WHAT NEEDS TO BE DONE: Would you restate the data exactly as given?

─── PROVIDED INFORMATION

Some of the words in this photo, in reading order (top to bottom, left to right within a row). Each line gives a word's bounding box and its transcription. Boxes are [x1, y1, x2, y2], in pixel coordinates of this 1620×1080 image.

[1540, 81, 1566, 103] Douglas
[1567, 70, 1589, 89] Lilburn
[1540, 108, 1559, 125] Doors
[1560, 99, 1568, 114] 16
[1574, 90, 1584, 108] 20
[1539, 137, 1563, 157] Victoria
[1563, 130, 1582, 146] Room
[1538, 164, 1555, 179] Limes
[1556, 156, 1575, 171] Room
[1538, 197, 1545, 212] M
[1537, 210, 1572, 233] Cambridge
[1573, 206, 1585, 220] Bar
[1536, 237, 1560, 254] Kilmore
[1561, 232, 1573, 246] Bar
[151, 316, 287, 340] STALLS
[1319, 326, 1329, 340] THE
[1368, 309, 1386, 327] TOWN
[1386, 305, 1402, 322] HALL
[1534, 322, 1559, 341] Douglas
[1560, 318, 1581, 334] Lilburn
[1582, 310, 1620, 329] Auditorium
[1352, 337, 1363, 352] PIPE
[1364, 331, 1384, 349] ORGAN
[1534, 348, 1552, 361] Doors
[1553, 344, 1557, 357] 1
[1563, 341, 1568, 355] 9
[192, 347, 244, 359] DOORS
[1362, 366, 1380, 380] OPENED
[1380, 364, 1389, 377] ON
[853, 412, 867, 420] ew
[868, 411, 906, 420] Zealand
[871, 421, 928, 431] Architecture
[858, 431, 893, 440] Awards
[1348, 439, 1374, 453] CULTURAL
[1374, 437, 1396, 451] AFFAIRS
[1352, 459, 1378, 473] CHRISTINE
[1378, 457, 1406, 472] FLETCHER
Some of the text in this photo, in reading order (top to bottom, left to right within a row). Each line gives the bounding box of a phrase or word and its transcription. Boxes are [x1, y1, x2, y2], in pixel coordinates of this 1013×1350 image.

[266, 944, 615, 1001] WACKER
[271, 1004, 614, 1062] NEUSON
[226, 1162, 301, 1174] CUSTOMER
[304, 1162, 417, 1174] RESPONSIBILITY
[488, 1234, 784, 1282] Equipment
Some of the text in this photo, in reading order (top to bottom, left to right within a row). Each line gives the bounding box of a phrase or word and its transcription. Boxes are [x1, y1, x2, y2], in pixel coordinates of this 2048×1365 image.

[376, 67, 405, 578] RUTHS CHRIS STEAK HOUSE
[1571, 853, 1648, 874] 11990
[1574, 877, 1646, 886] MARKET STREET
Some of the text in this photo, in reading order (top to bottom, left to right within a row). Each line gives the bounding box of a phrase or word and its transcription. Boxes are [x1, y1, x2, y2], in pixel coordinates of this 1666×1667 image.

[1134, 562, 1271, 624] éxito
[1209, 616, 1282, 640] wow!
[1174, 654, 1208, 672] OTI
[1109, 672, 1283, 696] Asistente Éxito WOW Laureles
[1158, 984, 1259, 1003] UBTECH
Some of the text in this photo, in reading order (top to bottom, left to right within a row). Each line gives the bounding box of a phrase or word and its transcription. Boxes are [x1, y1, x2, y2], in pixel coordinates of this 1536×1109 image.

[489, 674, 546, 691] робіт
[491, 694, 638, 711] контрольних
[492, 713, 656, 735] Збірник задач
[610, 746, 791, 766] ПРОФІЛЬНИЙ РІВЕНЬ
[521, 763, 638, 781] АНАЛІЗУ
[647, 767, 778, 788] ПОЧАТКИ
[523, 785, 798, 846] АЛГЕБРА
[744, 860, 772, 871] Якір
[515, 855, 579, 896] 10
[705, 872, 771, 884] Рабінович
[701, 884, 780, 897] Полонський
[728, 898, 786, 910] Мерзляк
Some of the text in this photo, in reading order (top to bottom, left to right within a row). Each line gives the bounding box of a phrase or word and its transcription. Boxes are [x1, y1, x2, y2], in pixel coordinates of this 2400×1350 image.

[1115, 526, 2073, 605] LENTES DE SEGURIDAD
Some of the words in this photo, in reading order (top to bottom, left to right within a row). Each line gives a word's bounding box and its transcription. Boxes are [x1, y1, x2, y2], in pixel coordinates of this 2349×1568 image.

──────

SOLUTION FOR THIS PROBLEM:
Some of the words in this photo, in reading order (top to bottom, left to right within a row). Each line gives a word's bounding box and its transcription. Boxes are [x1, y1, x2, y2], in pixel coordinates of this 1620×1080 image.

[1540, 81, 1566, 103] Douglas
[1567, 70, 1589, 89] Lilburn
[1540, 108, 1559, 125] Doors
[1560, 99, 1568, 114] 16
[1574, 90, 1584, 108] 20
[1539, 137, 1563, 157] Victoria
[1563, 130, 1582, 146] Room
[1538, 164, 1555, 179] Limes
[1556, 156, 1575, 171] Room
[1538, 197, 1545, 212] M
[1537, 210, 1572, 233] Cambridge
[1573, 206, 1585, 220] Bar
[1536, 237, 1560, 254] Kilmore
[1561, 232, 1573, 246] Bar
[151, 316, 287, 340] STALLS
[1319, 326, 1329, 340] THE
[1368, 309, 1386, 327] TOWN
[1386, 305, 1402, 322] HALL
[1534, 322, 1559, 341] Douglas
[1560, 318, 1581, 334] Lilburn
[1582, 310, 1620, 329] Auditorium
[1352, 337, 1363, 352] PIPE
[1364, 331, 1384, 349] ORGAN
[1534, 348, 1552, 361] Doors
[1553, 344, 1557, 357] 1
[1563, 341, 1568, 355] 9
[192, 347, 244, 359] DOORS
[1362, 366, 1380, 380] OPENED
[1380, 364, 1389, 377] ON
[853, 412, 867, 420] ew
[868, 411, 906, 420] Zealand
[871, 421, 928, 431] Architecture
[858, 431, 893, 440] Awards
[1348, 439, 1374, 453] CULTURAL
[1374, 437, 1396, 451] AFFAIRS
[1352, 459, 1378, 473] CHRISTINE
[1378, 457, 1406, 472] FLETCHER
Some of the text in this photo, in reading order (top to bottom, left to right within a row). Each line gives the bounding box of a phrase or word and its transcription. Boxes are [x1, y1, x2, y2], in pixel coordinates of this 1013×1350 image.

[266, 944, 615, 1001] WACKER
[271, 1004, 614, 1062] NEUSON
[226, 1162, 301, 1174] CUSTOMER
[304, 1162, 417, 1174] RESPONSIBILITY
[488, 1234, 784, 1282] Equipment
Some of the text in this photo, in reading order (top to bottom, left to right within a row). Each line gives the bounding box of a phrase or word and its transcription. Boxes are [x1, y1, x2, y2], in pixel coordinates of this 2048×1365 image.

[376, 67, 405, 578] RUTHS CHRIS STEAK HOUSE
[1571, 853, 1648, 874] 11990
[1574, 877, 1646, 886] MARKET STREET
Some of the text in this photo, in reading order (top to bottom, left to right within a row). Each line gives the bounding box of a phrase or word and its transcription. Boxes are [x1, y1, x2, y2], in pixel coordinates of this 1666×1667 image.

[1134, 562, 1271, 624] éxito
[1209, 616, 1282, 640] wow!
[1174, 654, 1208, 672] OTI
[1109, 672, 1283, 696] Asistente Éxito WOW Laureles
[1158, 984, 1259, 1003] UBTECH
Some of the text in this photo, in reading order (top to bottom, left to right within a row). Each line gives the bounding box of a phrase or word and its transcription. Boxes are [x1, y1, x2, y2], in pixel coordinates of this 1536×1109 image.

[489, 674, 546, 691] робіт
[491, 694, 638, 711] контрольних
[492, 713, 656, 735] Збірник задач
[610, 746, 791, 766] ПРОФІЛЬНИЙ РІВЕНЬ
[521, 763, 638, 781] АНАЛІЗУ
[647, 767, 778, 788] ПОЧАТКИ
[523, 785, 798, 846] АЛГЕБРА
[744, 860, 772, 871] Якір
[515, 855, 579, 896] 10
[705, 872, 771, 884] Рабінович
[701, 884, 780, 897] Полонський
[728, 898, 786, 910] Мерзляк
Some of the text in this photo, in reading order (top to bottom, left to right within a row). Each line gives the bounding box of a phrase or word and its transcription. Boxes are [x1, y1, x2, y2], in pixel coordinates of this 2400×1350 image.

[1115, 526, 2073, 605] LENTES DE SEGURIDAD
Some of the words in this photo, in reading order (top to bottom, left to right within a row). Each line gives a word's bounding box and its transcription. Boxes are [x1, y1, x2, y2], in pixel coordinates of this 2349×1568 image.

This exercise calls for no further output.